Realizado pelo PCC (Primeiro Comando da Capital) em uma ação audaciosa, o assassinato do narcotraficante paraguaio Jorge Rafaat Toumani, o Saddam, em 15 de junho de 2016, é um marco da história do crime organizado na América do Sul.

Saddam, como ele era conhecido, atuava como uma espécie de regulador do submundo do crime na fronteira da cidade paraguaia de Pedro Juan Caballero com a brasileira Ponta Porã (MS) – pontos essenciais para o narcotráfico internacional. A morte desencadeou uma luta violenta pelo espólio do criminoso, sobre a qual ainda não foi possível identificar que lado está ganhando.

“Ele morreu porque se tornou um empecilho às ambições monopolistas do PCC de dominar o tráfico naquela região”, afirma o jornalista e escritor Allan de Abreu. Ele escreve sobre tráfico de drogas há uma década. Metade desse tempo foi dedicada às pesquisas e viagens para a redação do livro recém-lançado “Cocaína – A Rota Caipira” (Editora Record).

“Essa tentativa de implantar um monopólio da facção brasileira está custando muitas vidas não só na fronteira com o Paraguai, mas também no sistema penitenciário brasileiro e nas ruas do Nordeste”, diz.

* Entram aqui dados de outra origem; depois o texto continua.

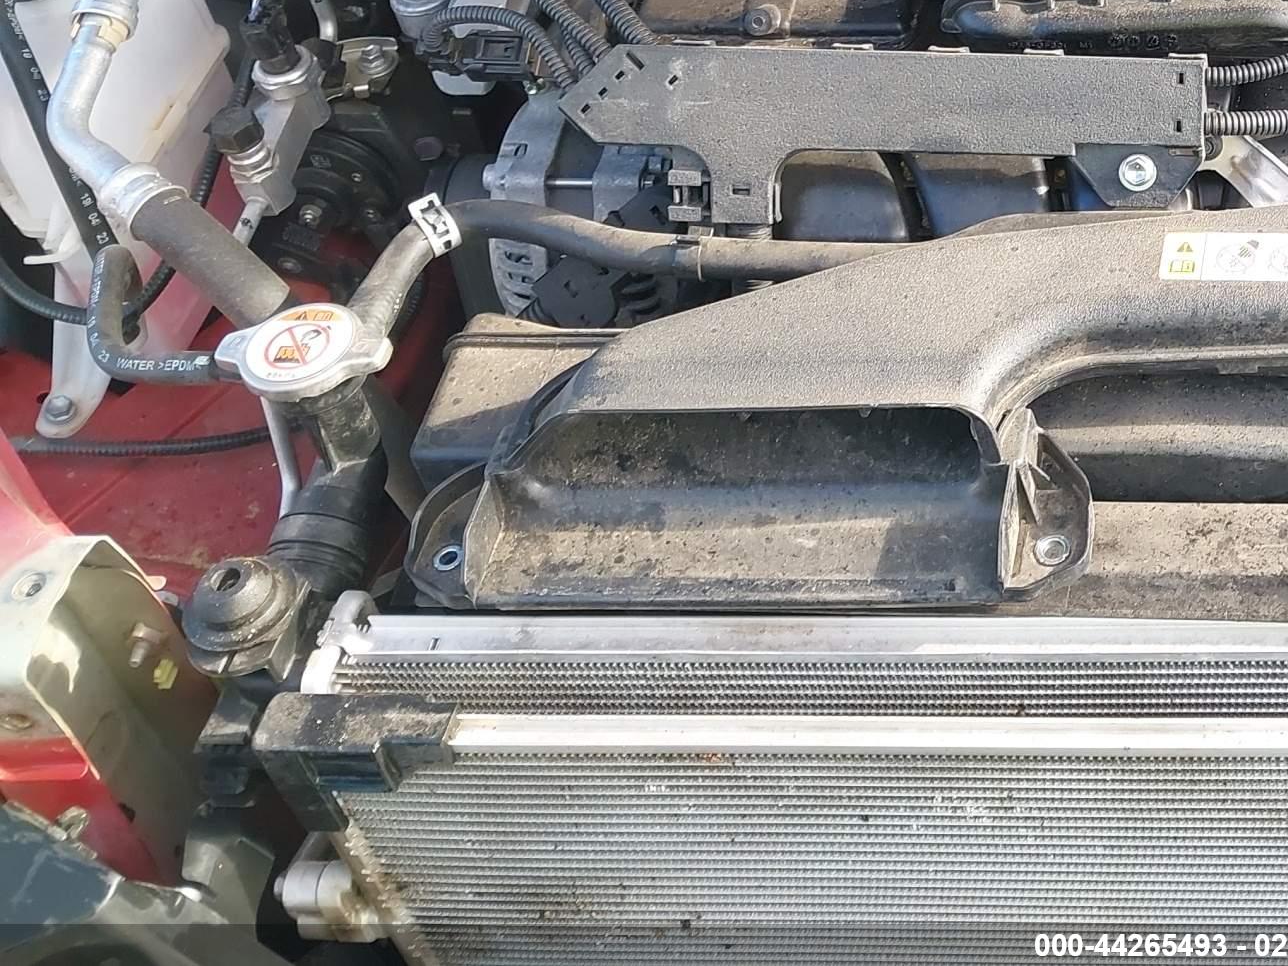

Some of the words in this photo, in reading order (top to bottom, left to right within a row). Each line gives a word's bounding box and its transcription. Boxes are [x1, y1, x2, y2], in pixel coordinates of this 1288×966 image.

O livro de 824 páginas revela as engrenagens do narcotráfico, por meio de histórias de criminosos, inclusive Saddam e membros do PCC, que atuam no maior corredor de drogas do país, de acordo com a PF (Polícia Federal).

Segundo o jornalista, a liderança do Jorge Rafaat era estabilizadora do tráfico naquela região, ele tinha as coisas mais ou menos organizadas. A violência naquela região explodiu depois da morte dele. Neste final de semana teve chacina em uma boate na região, por exemplo. O fim de Saddam representou o começo de uma briga generalizada. O grupo dele está interessado em manter a posição. Está acontecendo uma guerra desses grupos que historicamente atuam nesta fronteira com o PCC, que é considerado um grupo invasor. Não dá para dizer quem está ganhando. Afirmou Abreu.

Ao ser questionado sobre qual é a ambição do PCC, ele diz: “O sonho do PCC é se transformar num grande cartel. O maior da América do Sul, dominando todas as principais rotas de tráfico. Como foi em Medellín, como foi o de Cali, mas com métodos muito mais empresariais. Hoje, se o Marcola cair, o PCC vai continuar existindo. O PCC não tem aquela hierarquia personalista que existia nos cartéis colombianos, como o de Pablo Escobar. A queda dele como foi uma grande lição para os traficantes. Por ser um cara centralizador, o cartel se despedaçou após sua queda. E conclui: “O PCC é diferente. O PCC é uma empresa. Uma empresa do crime”.